Los BMECs derivados de iPSC purificados se sembraron a 100.000 células/cm2 en la matriz de membrana del sótano en hESFM con (1:200) suplemento B27 y VEGFA165 de 40ng/mL. Estructuras similares a tubos aparecieron después de 3 días de tratamiento VEGFA165.

La caracterización bmec se realizó utilizando inmunocitoquímica para marcadores específicos de células. Los BMECs derivados de iPSC se evaluaron para la presencia de proteínas de unión estrechas (OCLN, TJP1 y CLDN5), que se expresan comúnmente en las estrechas uniones de las células endoteliales cerebrales3 y las células endoteliales en el pulmón, el hígado y el riñón18. Otros marcadores tales como PECAM1 y SLC2A1, se han utilizado previamente como marcadores para BMECs purificados6. PECAM13 y SLC2A4 se expresan en células endoteliales vasculares del BBB. Los BMECs derivados de iPSC generados mediante este protocolo co-expresaron los cinco marcadores (Figura 4).

Figure 4
Figura 4: Análisis de marcadores de BMECs derivados de iPSC. Los BMECs derivados de iPSC humanos fueron manchados para proteínas de unión estrecha (OCLN, TJP1, CLDN5), transportador de afluencia (SLC2A1) y unión de adherentes (PECAM1). Las proteínas OCLN, TJP1 y CLDN5 se localizan principalmente en la membrana celular. SLC2A1 y PECAM1 se localizan tanto en los núcleos como en la membrana celular. Hoechst 33342 trihidrocloruro trihidrato se utilizó para la tinción nuclear. Haga clic aquí para ver una versión más grande de esta figura.

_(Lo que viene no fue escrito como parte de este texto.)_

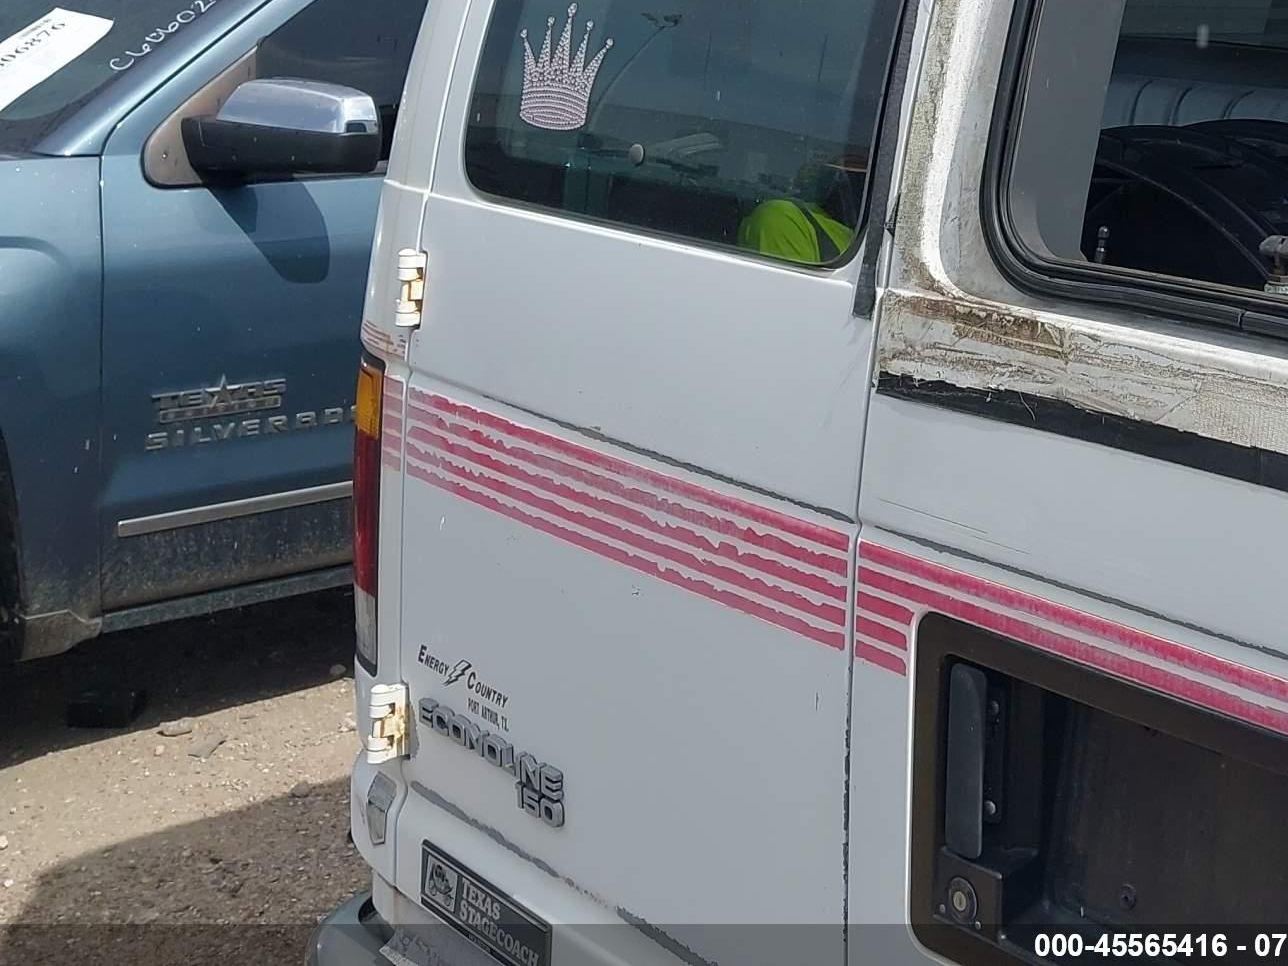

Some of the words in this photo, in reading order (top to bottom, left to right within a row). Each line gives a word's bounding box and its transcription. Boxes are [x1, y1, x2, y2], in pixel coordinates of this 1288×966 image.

Para caracterizar la función BBB de los BMECs, el TEER se midió 24 horas (día 7) después de la sub-cultivo y el medio se cambió a hESFM con B27 diluido (1:200) sin bFGF y RA. Las mediciones de TEER se obtuvieron a partir del día 7 de diferenciación (día 0 de medición teer) y alcanzaron un máximo de ~2000 Ω x cm2 el día 8 o 48 horas después de sub-culturing BMECs (Figura 5). Estos valores TEER se encuentran dentro del rango descrito para BMECs derivados de iPSC co-cultivados con astrocitos primariosde rata 37. La línea iPSC no tenía ninguna función BBB discernible de acuerdo con sus bajos valores TEER.

Figure 5
Figura 5: Mediciones TEER en BMECs derivados de iPSC. Los valores TEER alcanzaron su punto máximo después de un día de sub-culturing en la matriz COL4/FN (en el día 8 de diferenciación). Las mediciones teer se obtuvieron en las réplicas técnicas (3 medidas por pozo) y biológicas (3 pozos por línea celular). El valor medio técnico de un pozo en blanco se restó de los valores TEER sin procesar. Estos valores fueron promediados por cada día y multiplicados por 1,12 cm2 (superficie del inserto de 12 trasposes). Las barras de error representan un error estándar. Haga clic aquí para ver una versión más grande de esta figura.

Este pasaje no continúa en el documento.